The U.S. Department of Housing and Urban Development (HUD) recently issued a notice providing new guidance that may facilitate accounts receivable (AR) financing for operators of health care facilities with standard FHA-insured mortgages. Issued November 17, 2008, Notice H 08-09 provides instructions to the staff of HUD's Office of Multifamily Housing and its Office of Insured Healthcare Facilities on how to evaluate and implement AR financing for long term care facilities.

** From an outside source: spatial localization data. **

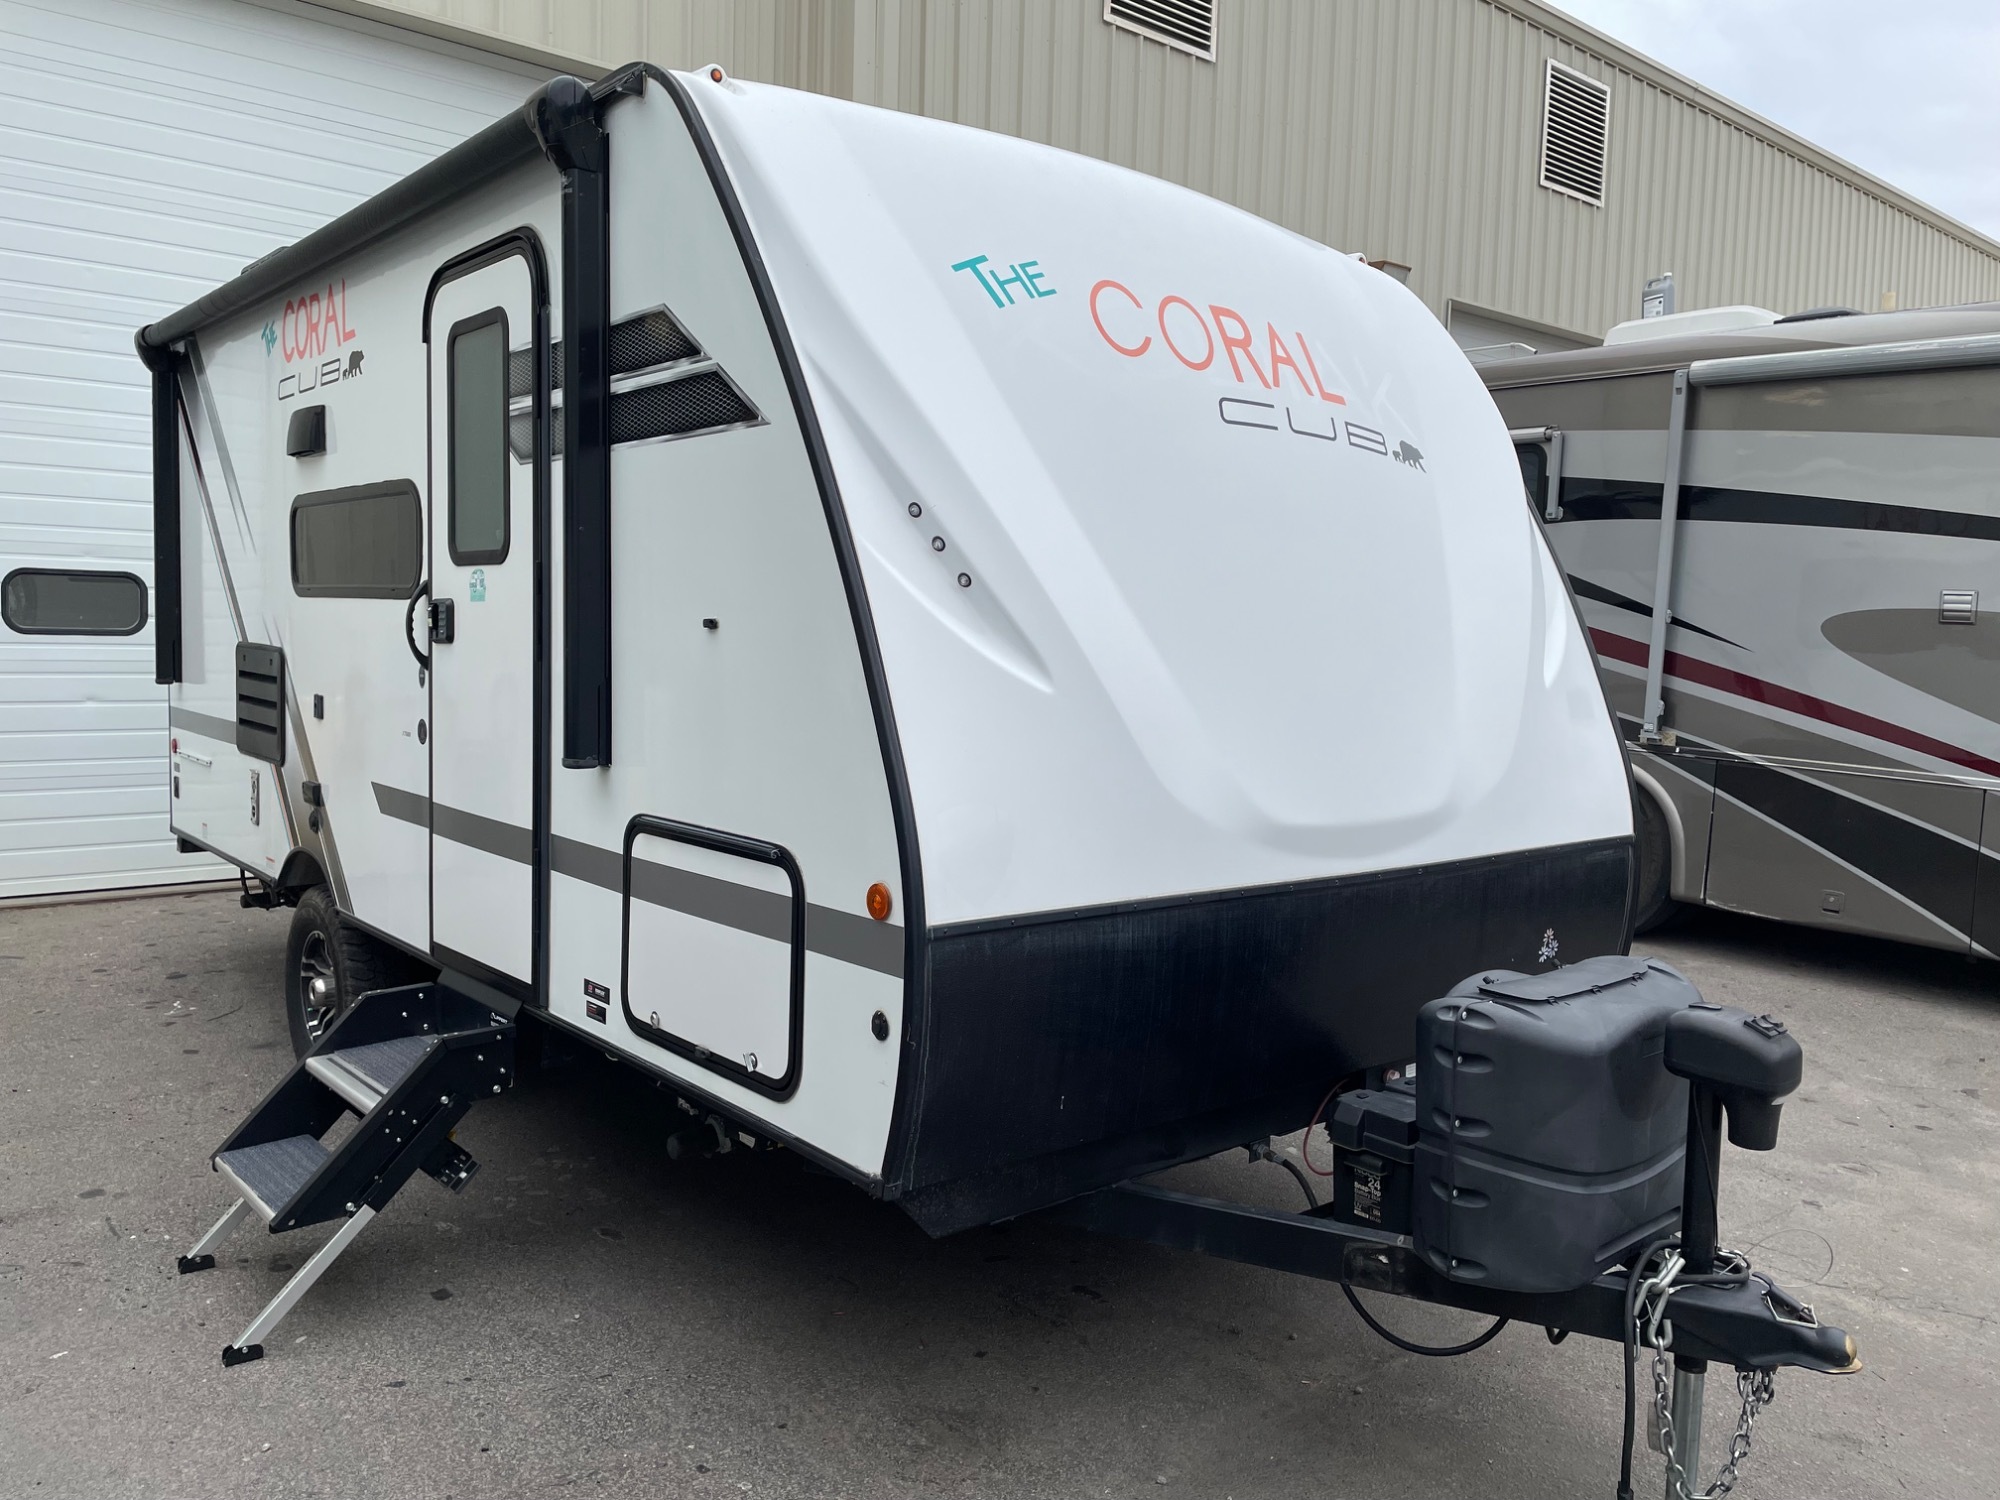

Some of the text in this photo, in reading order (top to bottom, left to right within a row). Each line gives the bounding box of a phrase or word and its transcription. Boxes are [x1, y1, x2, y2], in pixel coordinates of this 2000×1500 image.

[282, 277, 356, 364] CORAL
[951, 254, 1057, 309] THE
[1089, 280, 1347, 406] CORAL
[278, 358, 341, 401] CUB
[1218, 397, 1388, 456] CUB
[1367, 1177, 1381, 1190] 24

Under Section 232 of the National Housing Act, HUD may provide certain qualified lenders with insurance against loss on defaults under loans to nursing homes and assisted living facilities. This program gives owners of these facilities access to low-interest, fixed-rate loans backed by the full faith and credit of the United States Government. A large number of nursing homes and assisted living facilities have taken advantage of HUD's Section 232 program over the past decade for construction, substantial rehabilitation or refinancing due to the fact that financing for long term care facilities on such beneficial terms is unavailable from any other source.

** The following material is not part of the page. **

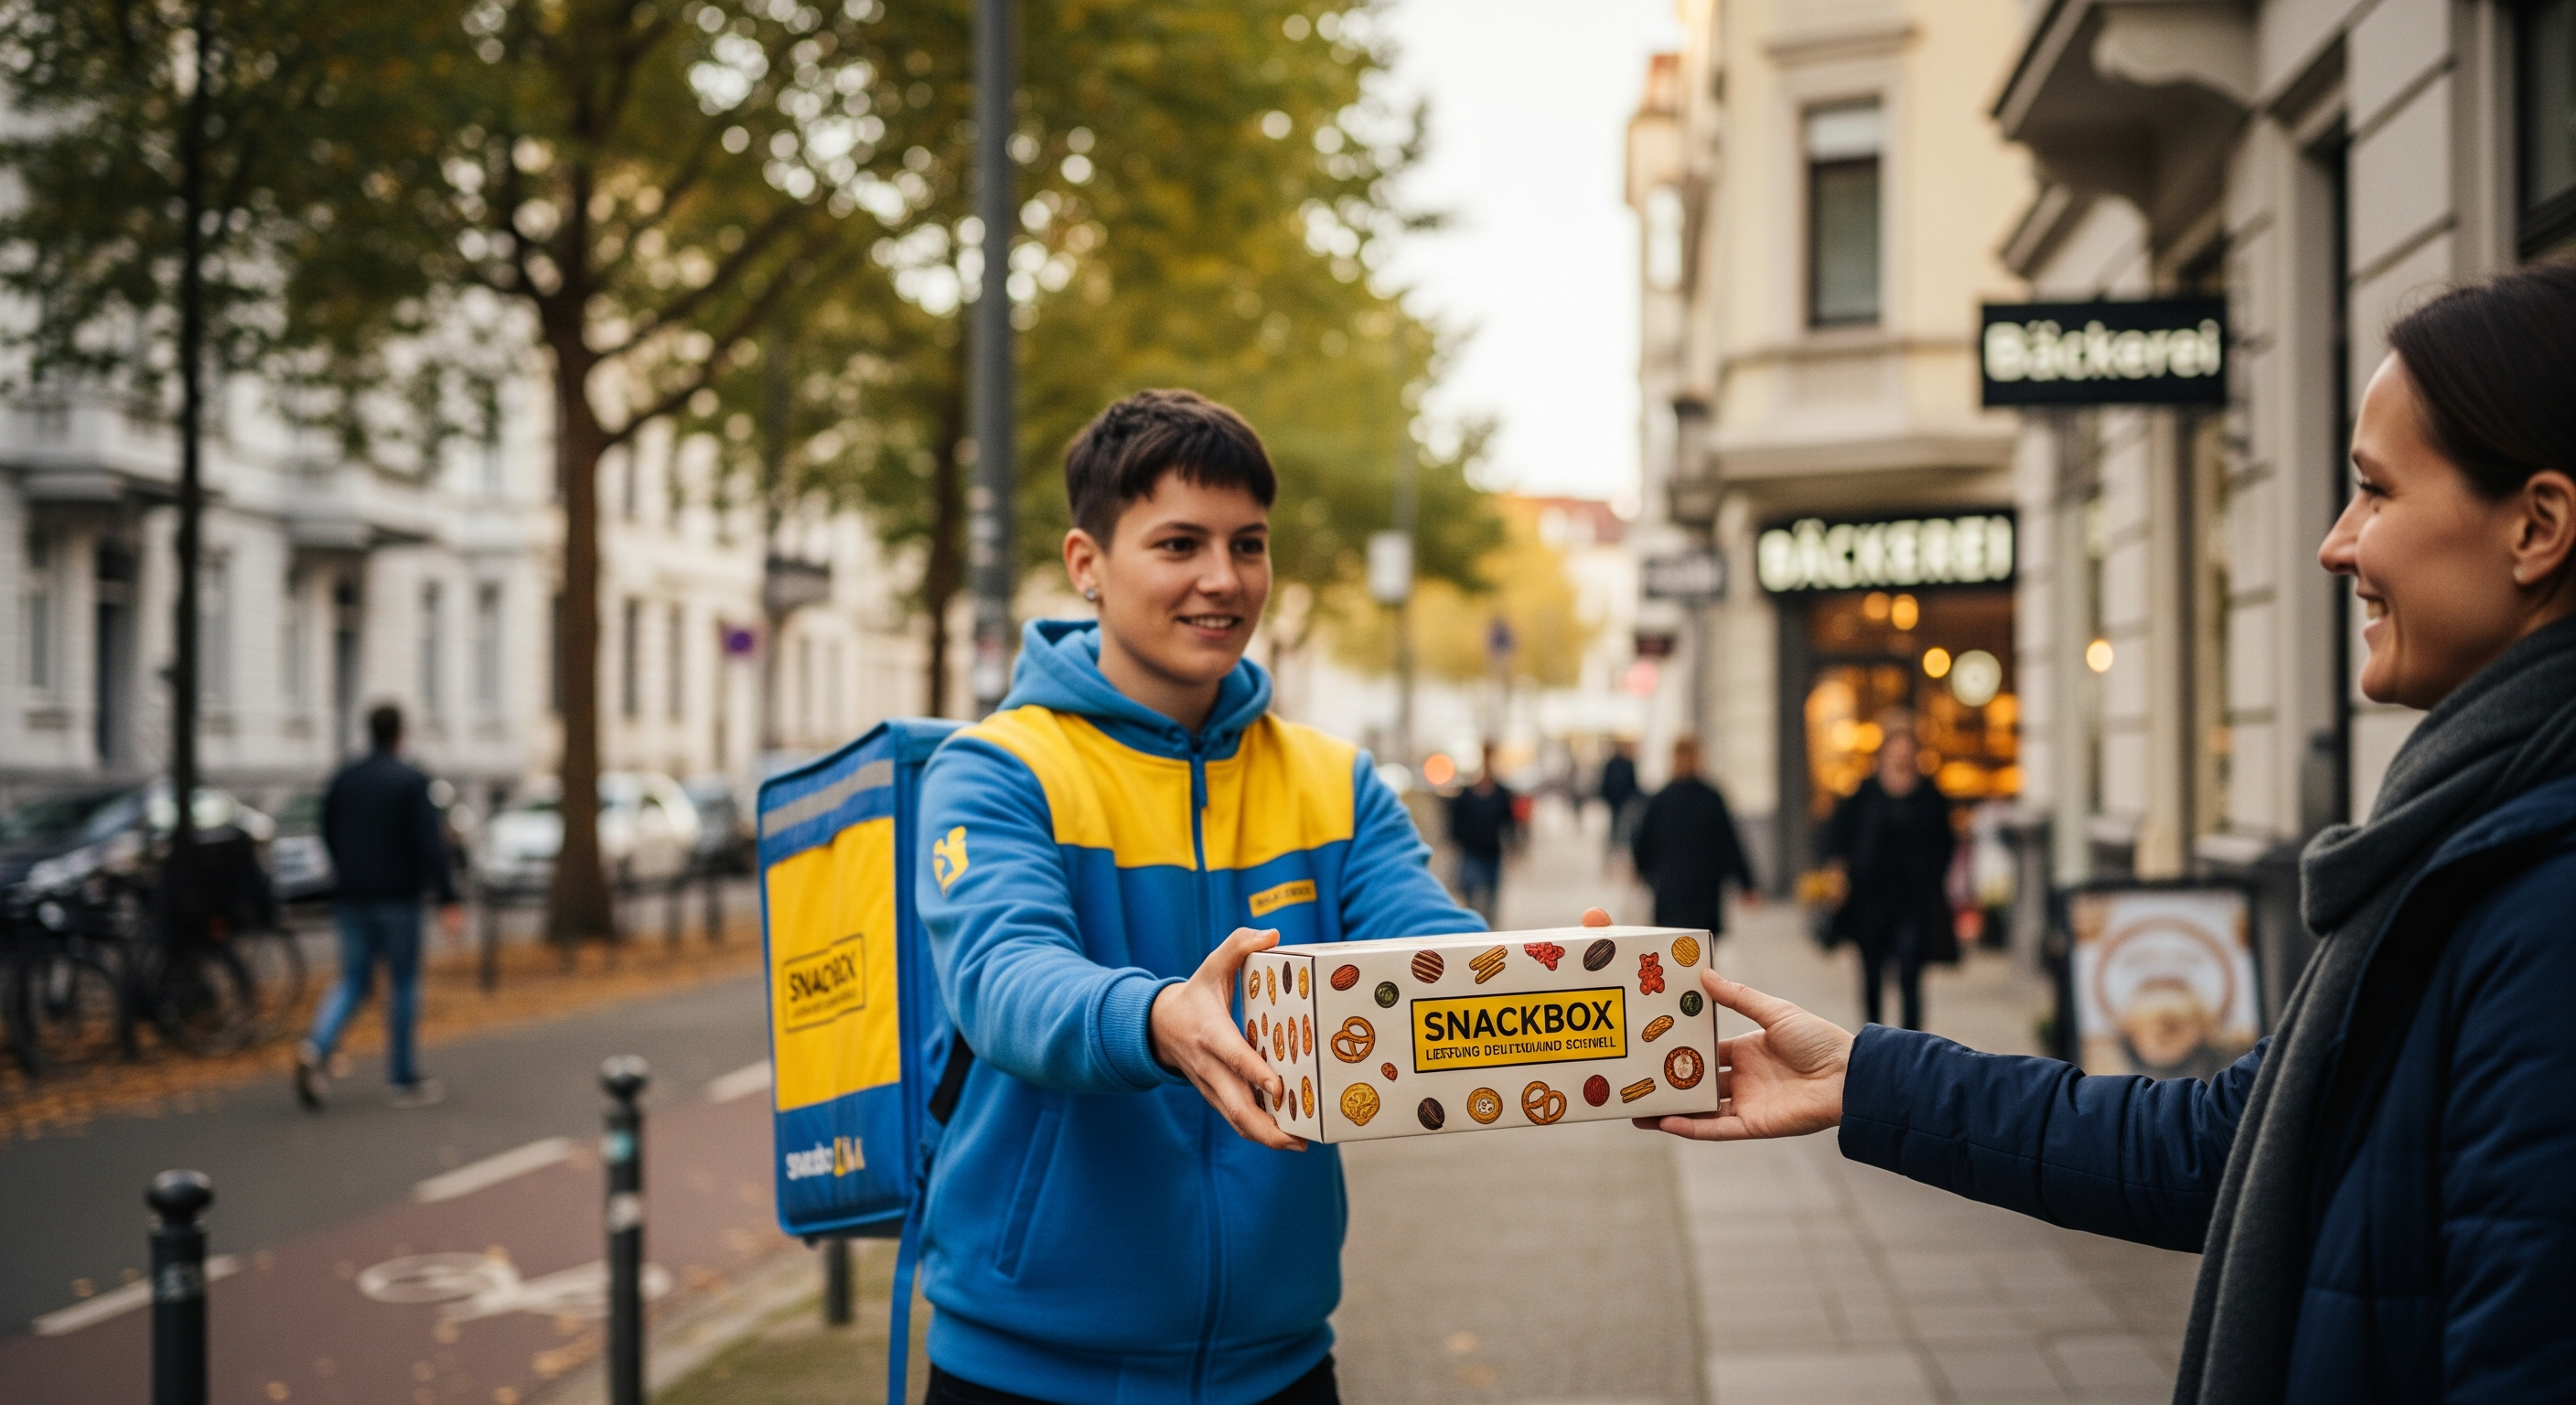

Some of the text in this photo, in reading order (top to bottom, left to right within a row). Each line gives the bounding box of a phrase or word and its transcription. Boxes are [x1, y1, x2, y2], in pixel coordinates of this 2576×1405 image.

[1984, 319, 2222, 382] Bäckerei
[1758, 515, 2012, 592] BÄCKEREI
[1424, 1000, 1615, 1042] SNACKBOX

Operators of long term care facilities that receive significant Medicare and Medicaid reimbursement frequently have lines of credit secured by their AR in order to provide liquidity for day-to-day business operations. The facility's AR financing provides cash to fund business needs until the reimbursement funds are received. Typically, Medicare and Medicaid reimbursement does not occur for 30 to 90 days after the services are provided.

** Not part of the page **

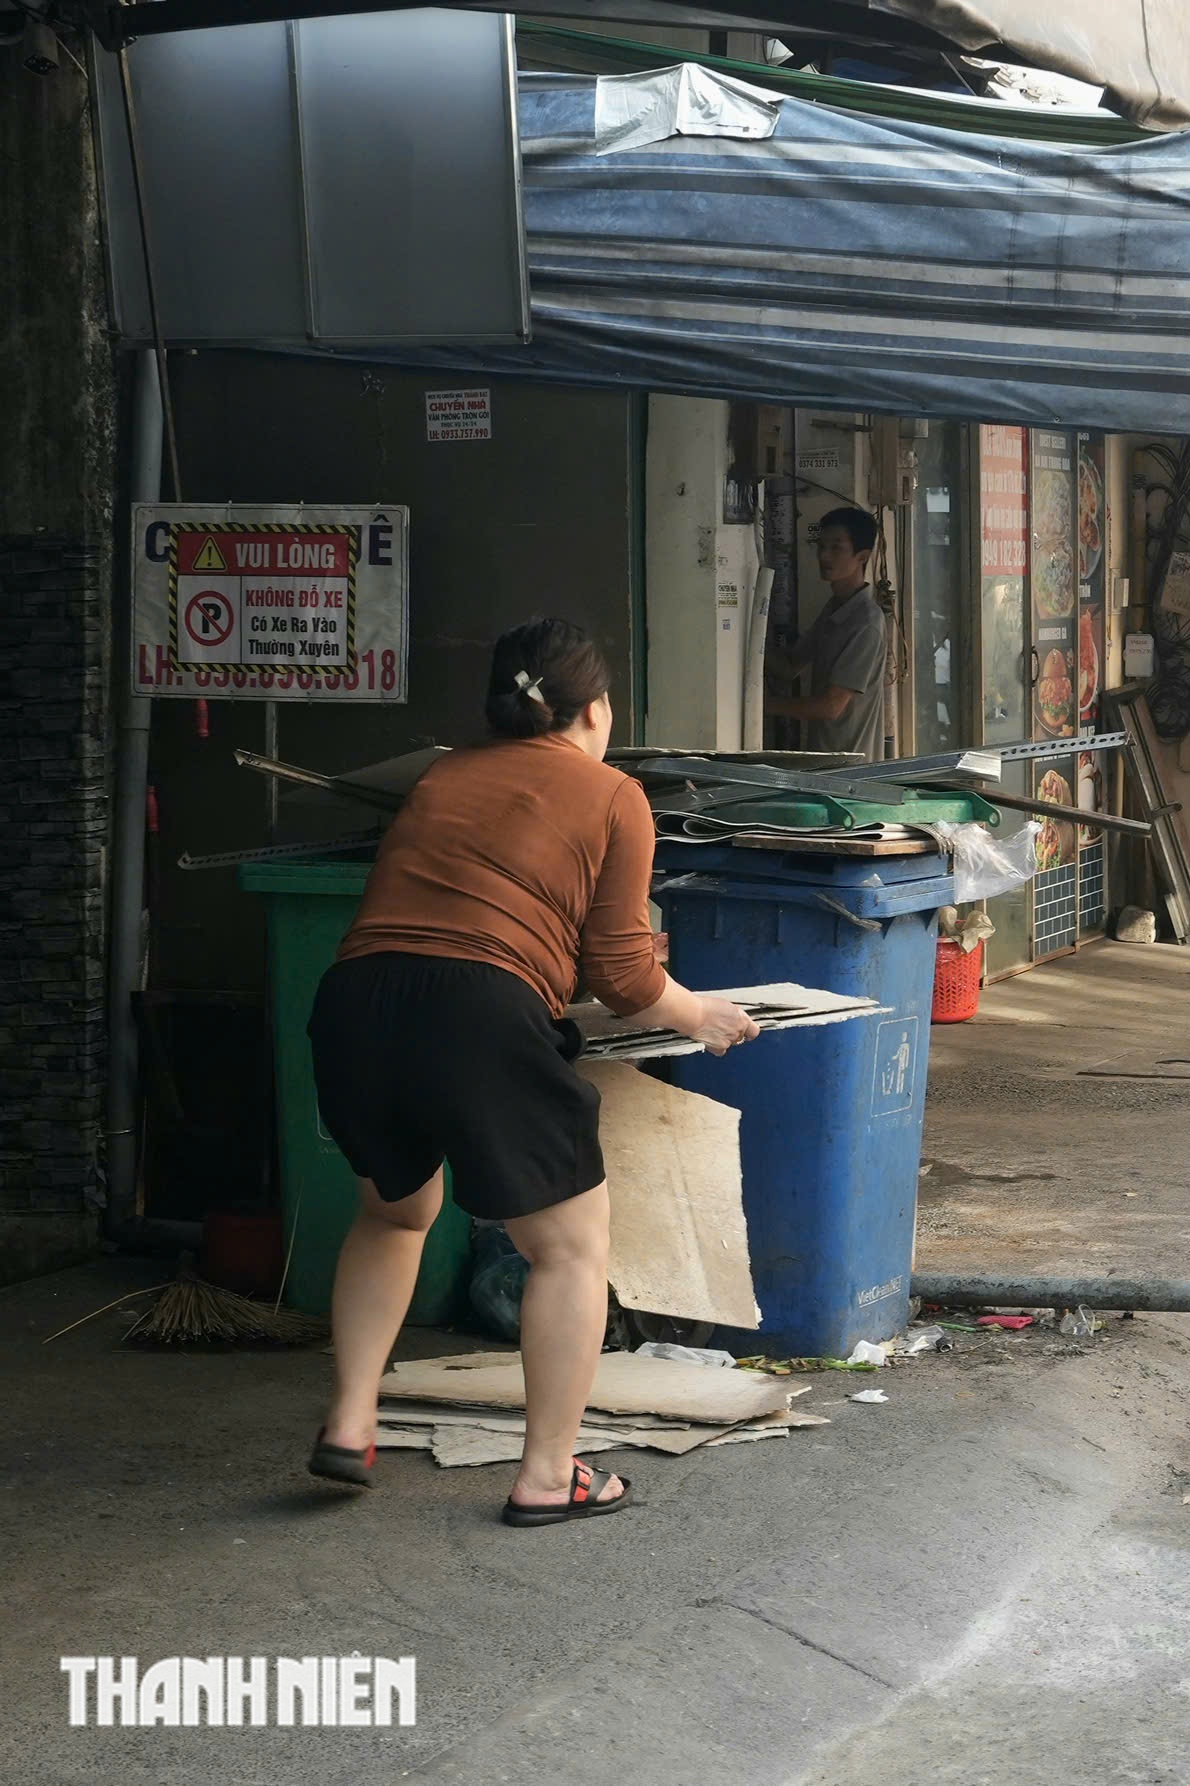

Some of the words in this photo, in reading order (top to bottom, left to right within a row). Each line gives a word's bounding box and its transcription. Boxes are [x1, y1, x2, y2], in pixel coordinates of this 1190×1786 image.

Until now there have been no formal rules authorizing long term care facilities to have both an FHA-insured loan secured by the facility's assets as well as financing secured by the AR of the facility. HUD Notice H 08-09 provides specific guidance allowing FHA-insured financing and third-party AR financing to co-exist if HUD finds that certain conditions are met.

In considering whether to permit AR financing for a health care facility with an FHA-insured loan, HUD's primary consideration will be the effect of the AR financing on the financial viability of the facility and whether the AR financing will facilitate, rather than jeopardize, the ability of the facility to meet its financial obligations. Generally, HUD will not permit AR to be financed at more than 85 percent of its value, and the AR should not be aged greater than 120 days. The financed AR may include governmental and non-governmental (i.e., private pay) receivables.

In addition, the facility must be able to maintain a debt service coverage ratio acceptable to HUD, and the parties must enter into an intercreditor agreement in a form approved by HUD. The form of intercreditor agreement would contain several restrictions on the use of funds advanced by the AR lender and its handling of the facility's receivables, which are typically held and controlled by the AR lender in a lockbox account. All parties, including the borrower, the HUD lender, the AR lender and HUD, along with designated legal counsel, are encouraged to meet with HUD's office of Insured Health Care Facilities prior to making a formal request to HUD for consent to an AR loan.